Por Jesús Rojas.-No se trata de una telenovela, Tampoco de una obra de teatro. Ni siquiera de ciencia ficción. El libreto fue dictado por la vida. Sucedió delante de testigos quienes dieron fe y testimonio. El hombre ya venía con la fama larga y tendida sobre sus artes amatorias. Tanto, que todos los fines de semana en el área de Silver Spring, Maryland, sólo se escuchaba el cuchicheo entre quienes lo conocían, allá en la década de los ochenta del siglo pasado y al filo celoso de la Guerra Fría.
“Víctor se quejaba de la falta de horas, del día o de la noche, para atender a las cuatro mujeres que dependían de su tronco viril”, decían unos. Otros, que la peor parte la tenía la esposa que toleraba y conocía de sus andanzas. En el hogar no faltaba nada, salvo el breve tiempo a su lado y el calor que les robaba a sus tres hijos. El hombre, nacido en Cotuí y de temperamento ardiente, no podía contener sus impulsos eróticos. Su vena genética parecía la de un jeque árabe, un pachá turco o un “tíguere bimbín” dado su oscuro fervor por el objeto del deseo.
En cierta ocasión, no pudo más.
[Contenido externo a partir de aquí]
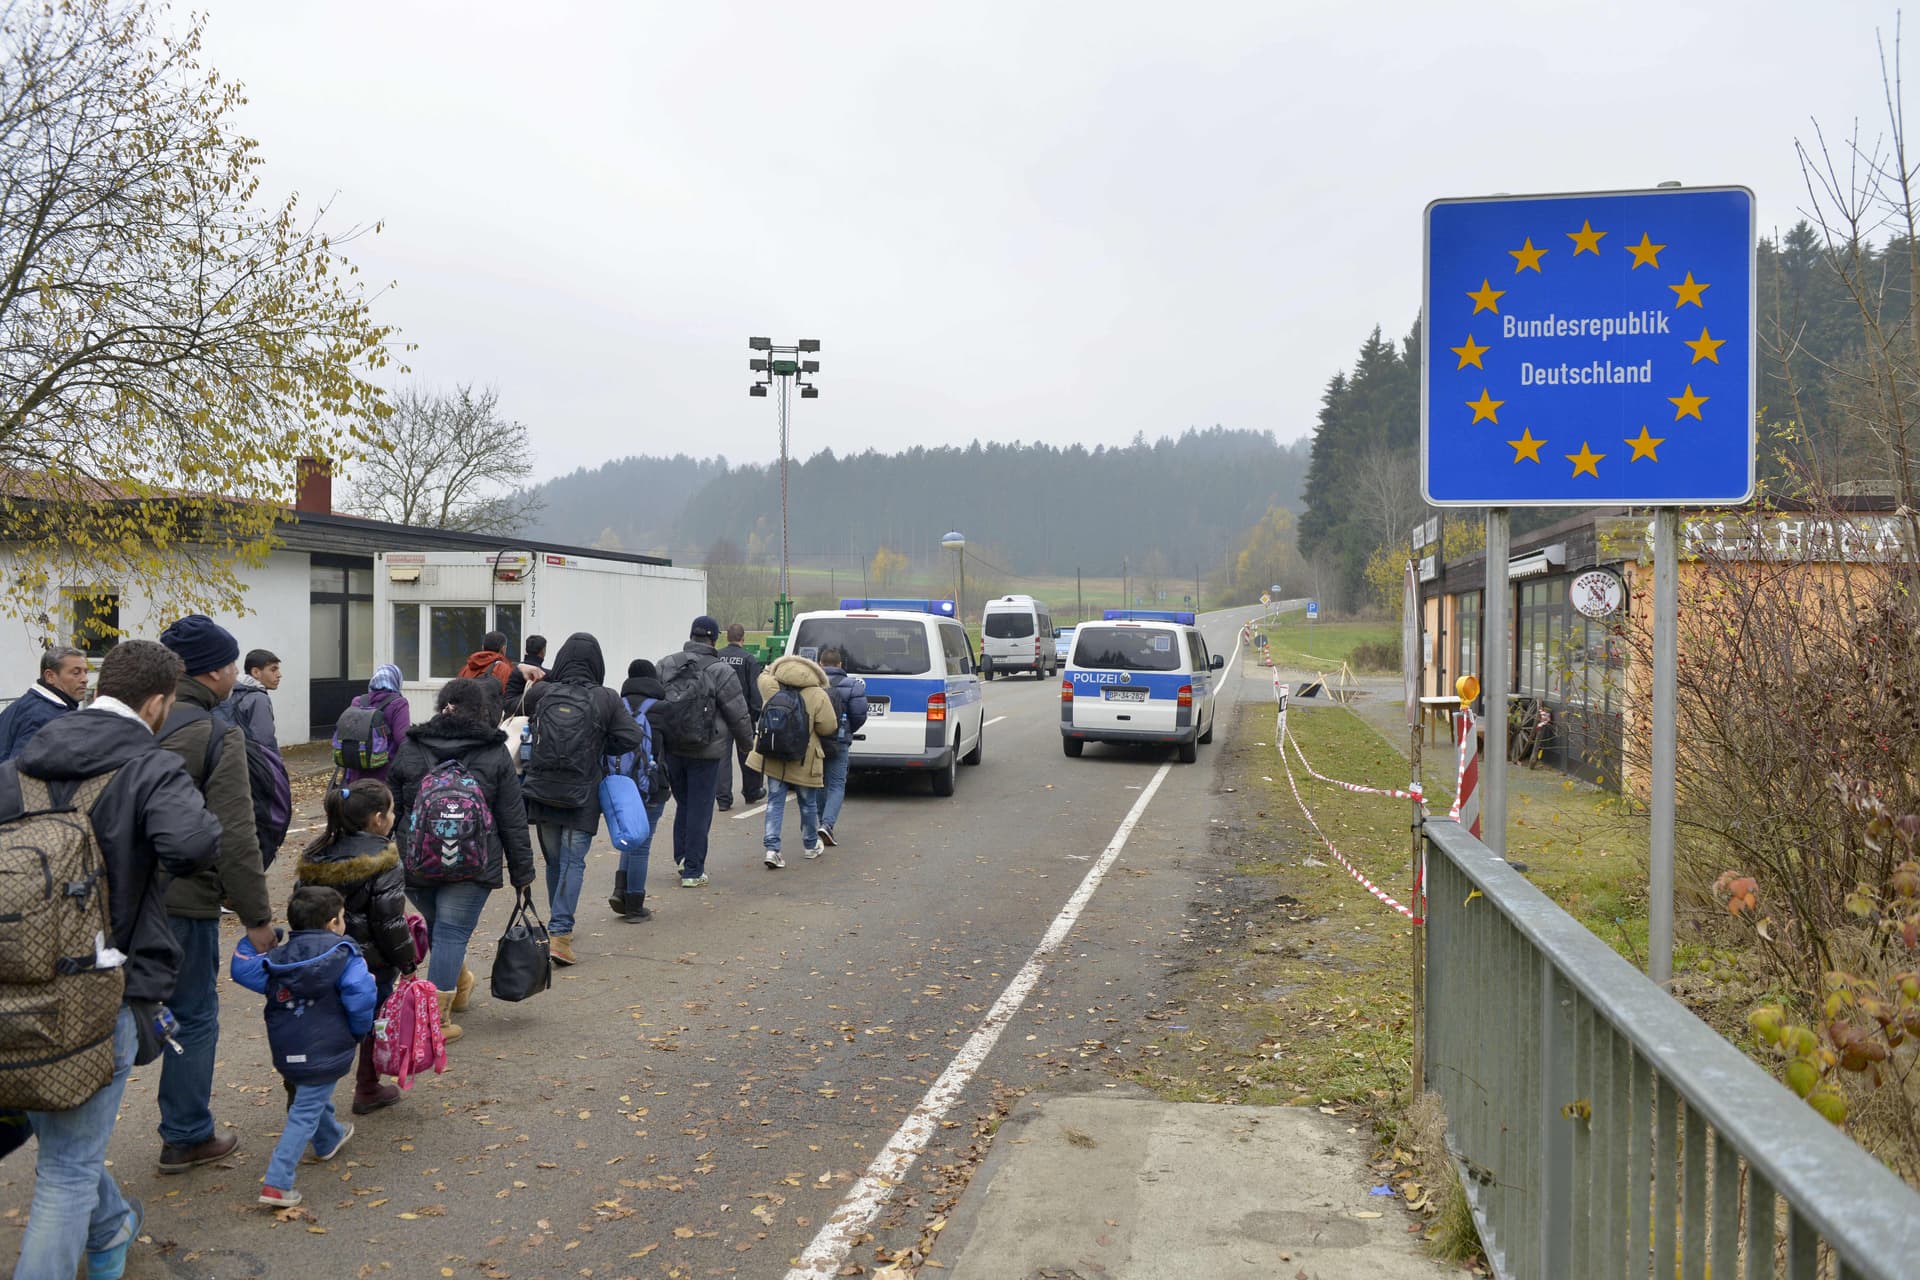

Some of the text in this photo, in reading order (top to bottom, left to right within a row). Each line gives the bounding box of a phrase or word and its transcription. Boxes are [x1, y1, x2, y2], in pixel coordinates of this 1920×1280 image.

[1503, 310, 1671, 342] Bundesrepublik
[1521, 359, 1652, 386] Deutschland
[719, 656, 744, 665] OLIZEI
[1073, 673, 1118, 684] POLIZEI
Entre una y otra taza de café en la cocina de una compueblana en el distrito de Langley Park, próximo a la Universidad de Maryland, se confesó hundido por el estrés. Se le escuchó decir que las mujeres iban a acabar con él. Dicho y hecho. Así mismo sucedió. Entre las razones que ofreció previo a su despedida de este mundo, concluyó que 24 horas no eran suficientes para atender las pulsaciones hormonales de cada una de ellas.
Cual ingenuo adolescente, Víctor admitió ser esclavo del cansancio y el hastío. Se decía víctima de la variedad de emociones, el tono de voces; del olor de cada una de ellas. De sus cualidades físicas y sus artes horizontales. Ni hablar de su arcoíris de seducciones. La sazón de su piel, del color de miel hasta el blanco virginal, o la canela de sus curvas delanteras y posteriores. Sus cavidades y sinuosidades, propias de las diosas. Y el seductor don y olor del “jarro pichao”, que le alumbraba el mundo.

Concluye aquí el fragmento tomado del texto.